I predicted what would happen to my family’s insurance, and to much less fortunate people subjected to the exchanges with us, many of whom have seen doubled premiums and tripled deductibles.  If you’ll remember, the promise was everyone’s premiums would go down.  They did not.  For predicting it, I was routinely called a lying hack in public.  It’s a hazard of the job, but I wasn’t lying.  I was right.  I also thought it was improbable the federal and state governments could handle building these exchanges and that they’d likely blow up and be inoperable, thereby preventing people like me from actually purchasing the new plans the ACA required we purchase.  Again, I was not lying for partisan gain.
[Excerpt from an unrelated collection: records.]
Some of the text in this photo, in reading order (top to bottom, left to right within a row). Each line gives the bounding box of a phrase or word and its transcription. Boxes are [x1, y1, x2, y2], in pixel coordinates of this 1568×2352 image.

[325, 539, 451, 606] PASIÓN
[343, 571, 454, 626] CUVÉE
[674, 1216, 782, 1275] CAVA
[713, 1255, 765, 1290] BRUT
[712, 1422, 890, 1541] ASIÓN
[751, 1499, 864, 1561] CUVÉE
ACA has helped people.  I know some of them well!  I have two friends with serious health challenges, one of whom I can say was probably kept alive by Obamacare; the other by the fact she was able to keep her grandfathered pre-ACA plan.  I am not in the habit of asserting any piece of health legislation is either perfect or a tool of evil designed by hateful actors.  They’re not.  I will not assert either of these fundamentally shallow and manipulative things about either ACA or adjustments to it (and, yes, this piece of House legislation is an adjustment or a reform, not a repeal, which would change dramatically in the Senate if taken up and change again before eventual passage).

To whom do people go when the promises of politicians are negated by their legislation?
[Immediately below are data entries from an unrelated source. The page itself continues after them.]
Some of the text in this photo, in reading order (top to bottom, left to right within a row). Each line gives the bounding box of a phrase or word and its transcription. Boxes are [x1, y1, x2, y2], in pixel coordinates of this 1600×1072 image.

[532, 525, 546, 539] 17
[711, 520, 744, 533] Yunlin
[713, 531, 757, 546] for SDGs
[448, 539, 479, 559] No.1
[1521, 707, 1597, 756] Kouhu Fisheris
What does are Senior Senator, Ms E Warren, think about this?  Is our Junior Senator, whatever his name is, even aware of this?  Where does our US Rep, Ms Niki Tsongas, stand on this?  Right now they seem to be on the "just let it roll" platform, watching the train rumble through the station.  Maybe they don't even know there is a crash coming.  Maybe they think they can blame it on President Trump, or Speaker Paul Ryan.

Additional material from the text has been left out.